=== EXERCISE ===
The expected result is a word-for-word copy of the entries, minus any pictures.

Excerpts from a dataset
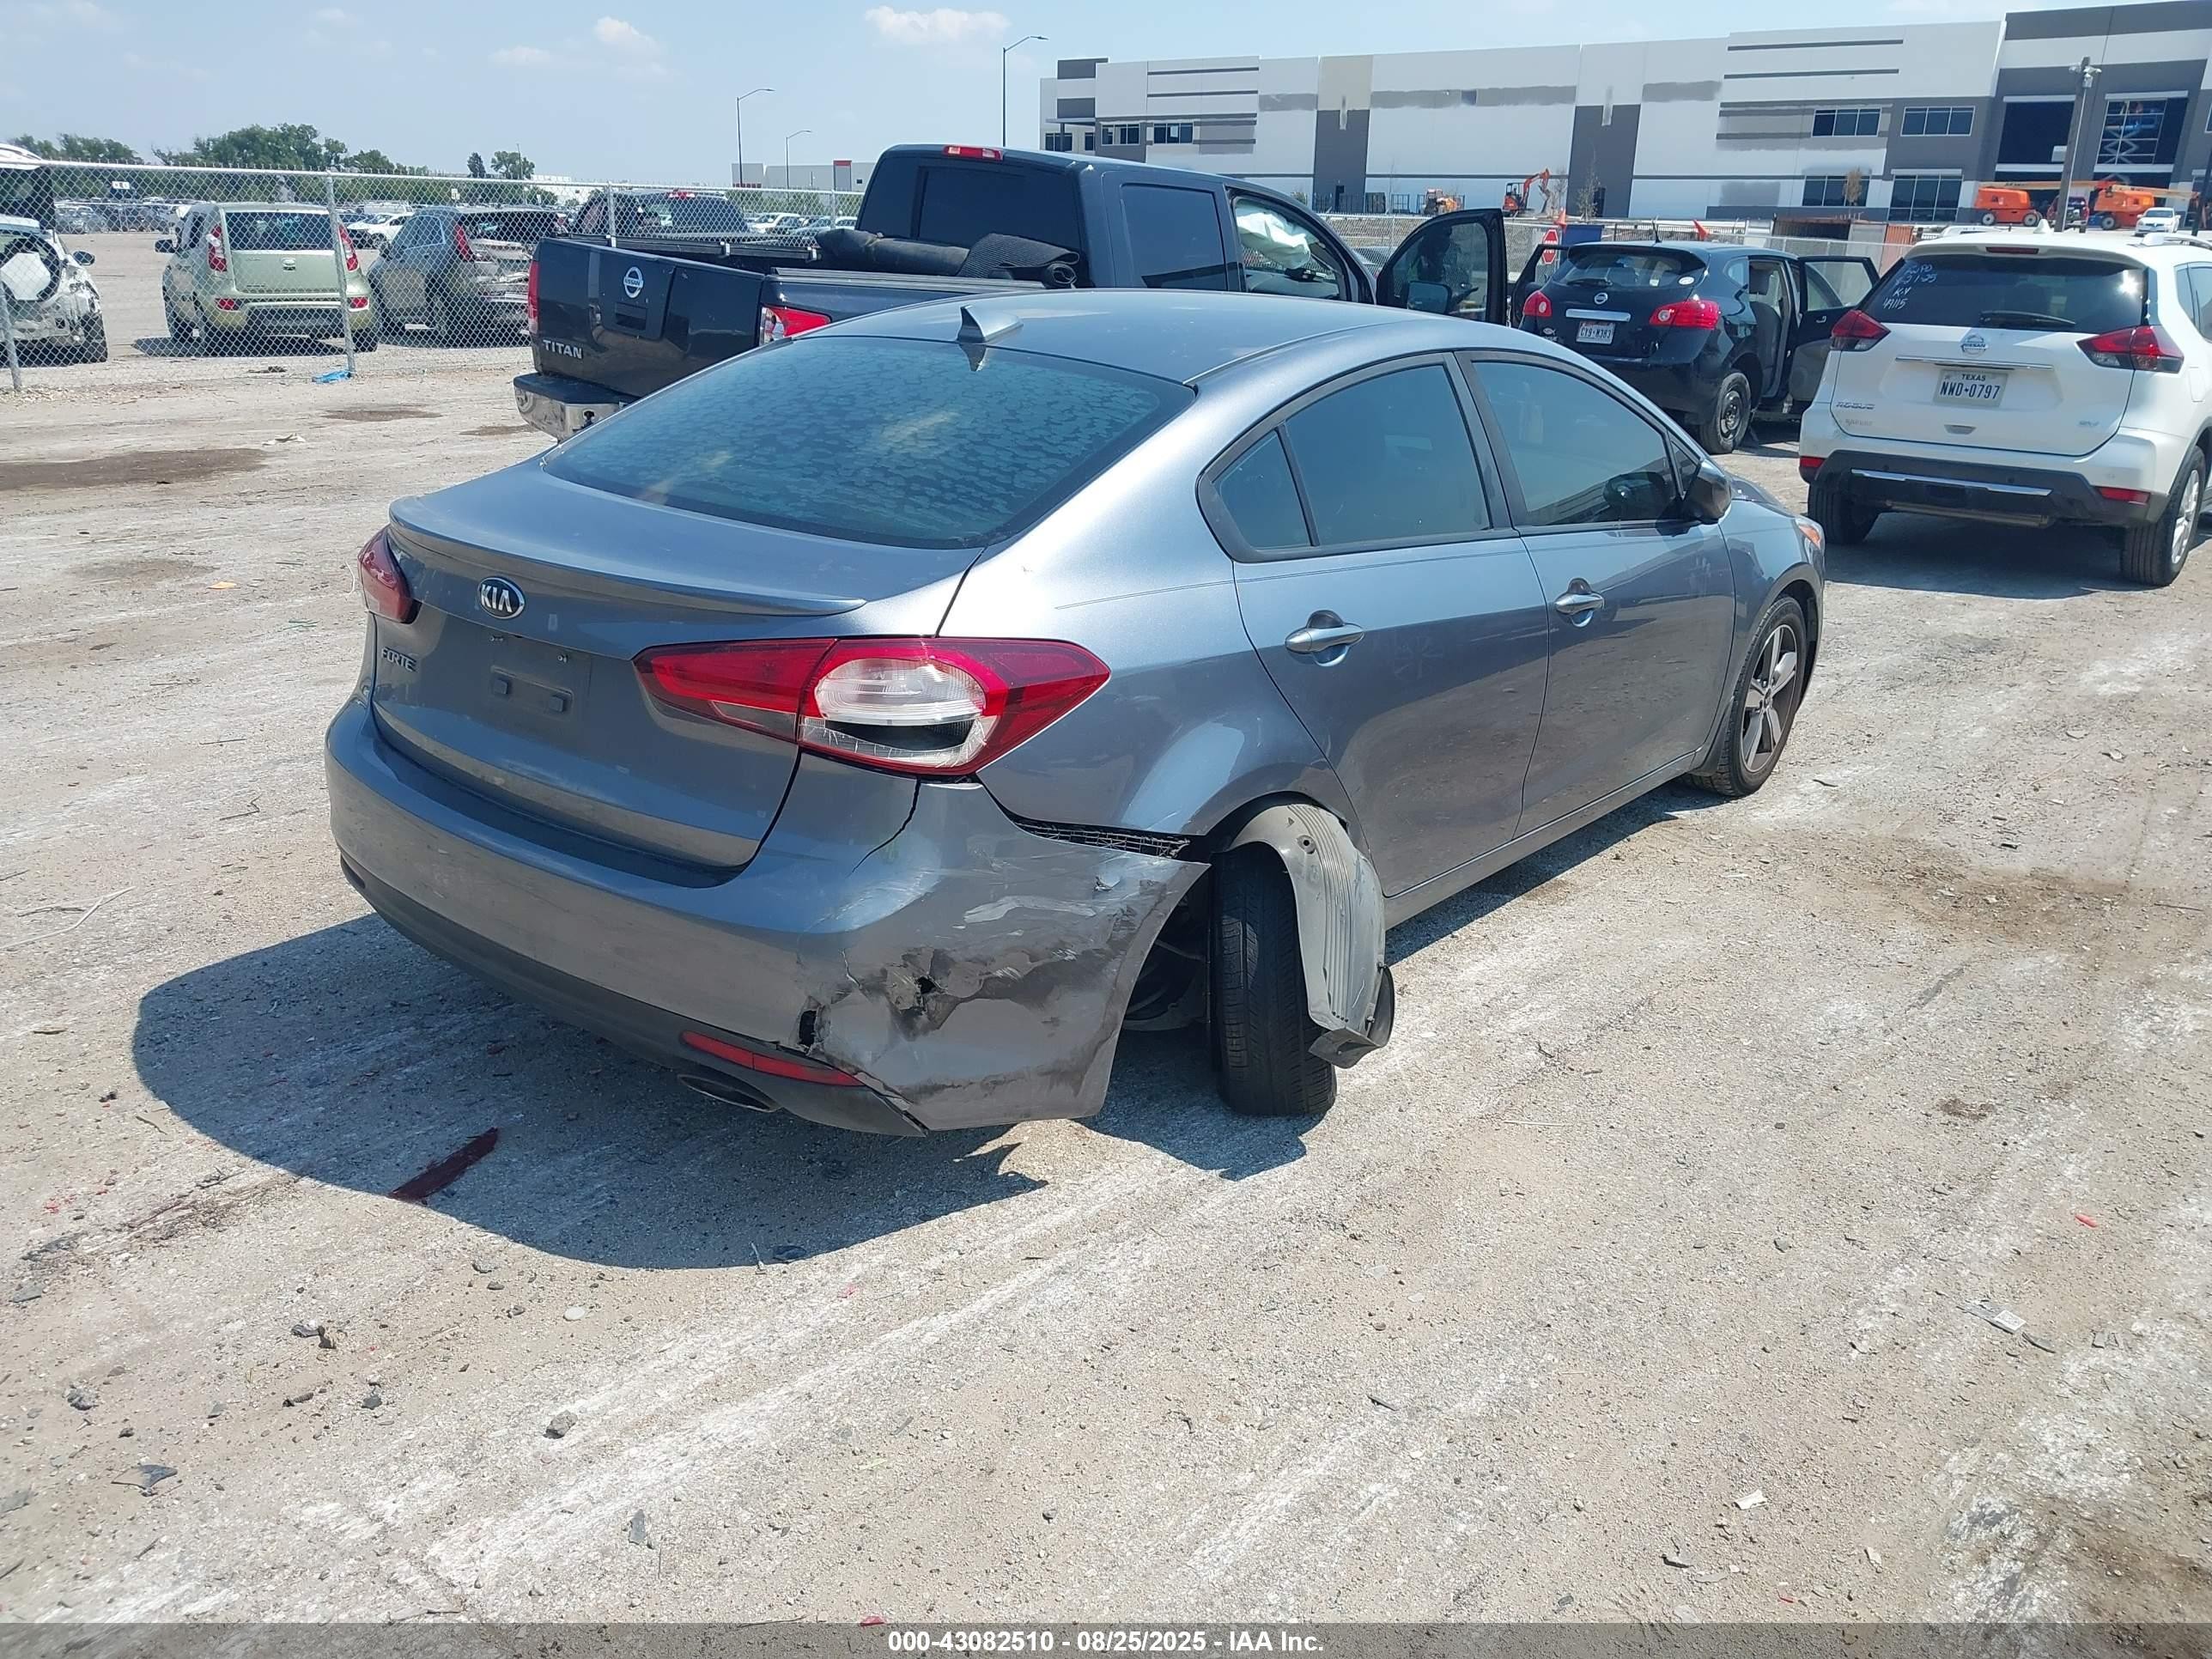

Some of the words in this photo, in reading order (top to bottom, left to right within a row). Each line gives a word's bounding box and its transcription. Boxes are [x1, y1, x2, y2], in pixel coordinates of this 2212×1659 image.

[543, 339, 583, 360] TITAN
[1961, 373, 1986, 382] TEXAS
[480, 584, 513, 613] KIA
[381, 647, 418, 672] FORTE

=== RESULT OF THE EXERCISE ===
Some of the words in this photo, in reading order (top to bottom, left to right within a row). Each line gives a word's bounding box and its transcription. Boxes are [x1, y1, x2, y2], in pixel coordinates of this 2212×1659 image.

[543, 339, 583, 360] TITAN
[1961, 373, 1986, 382] TEXAS
[480, 584, 513, 613] KIA
[381, 647, 418, 672] FORTE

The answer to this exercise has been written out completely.